Task statement
Write out the entries exactly, leaving out every picture.

Extracted data
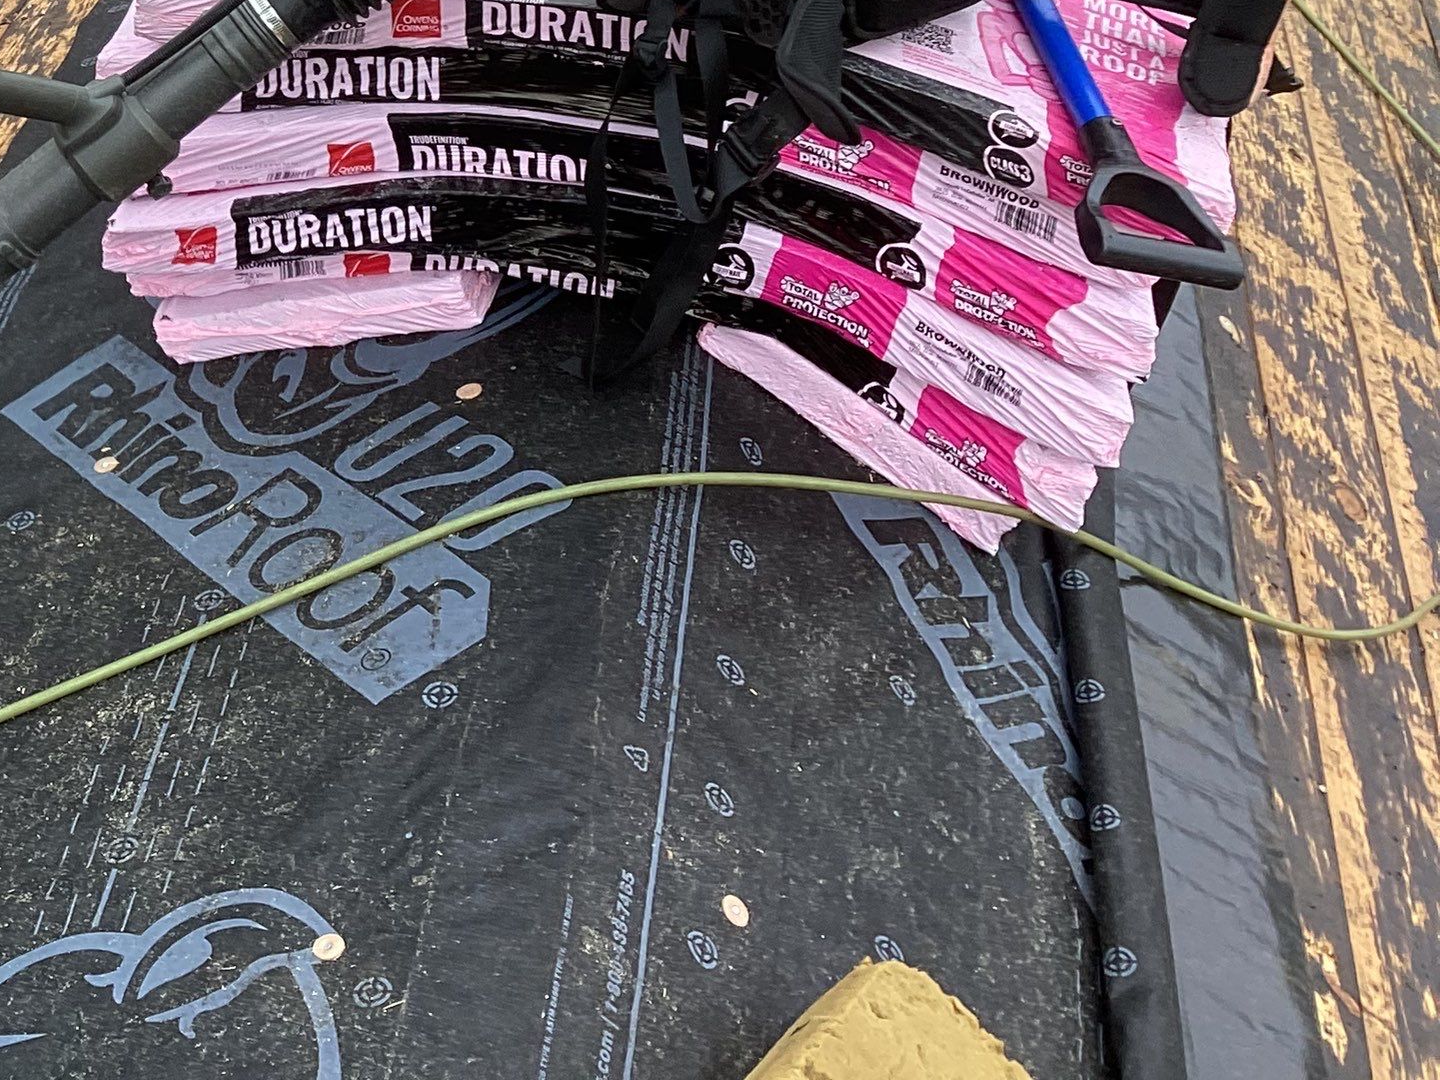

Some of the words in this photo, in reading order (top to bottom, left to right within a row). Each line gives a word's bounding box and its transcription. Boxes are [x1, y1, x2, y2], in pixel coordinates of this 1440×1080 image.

[396, 23, 440, 32] CORNING
[403, 15, 439, 24] OWENS
[1083, 10, 1166, 57] THAN
[1078, 45, 1165, 86] ROOF
[1082, 30, 1140, 61] JUST
[1149, 55, 1165, 70] A
[256, 56, 441, 102] DURATION
[409, 136, 469, 145] TRUDEFINITION
[940, 165, 1040, 209] BROWNWOOD
[248, 205, 433, 255] DURATION
[789, 281, 820, 302] TOTAL
[783, 295, 868, 338] PROTECTION
[334, 401, 573, 552] U20

Written response
Some of the words in this photo, in reading order (top to bottom, left to right within a row). Each line gives a word's bounding box and its transcription. Boxes are [x1, y1, x2, y2], in pixel coordinates of this 1440×1080 image.

[396, 23, 440, 32] CORNING
[403, 15, 439, 24] OWENS
[1083, 10, 1166, 57] THAN
[1078, 45, 1165, 86] ROOF
[1082, 30, 1140, 61] JUST
[1149, 55, 1165, 70] A
[256, 56, 441, 102] DURATION
[409, 136, 469, 145] TRUDEFINITION
[940, 165, 1040, 209] BROWNWOOD
[248, 205, 433, 255] DURATION
[789, 281, 820, 302] TOTAL
[783, 295, 868, 338] PROTECTION
[334, 401, 573, 552] U20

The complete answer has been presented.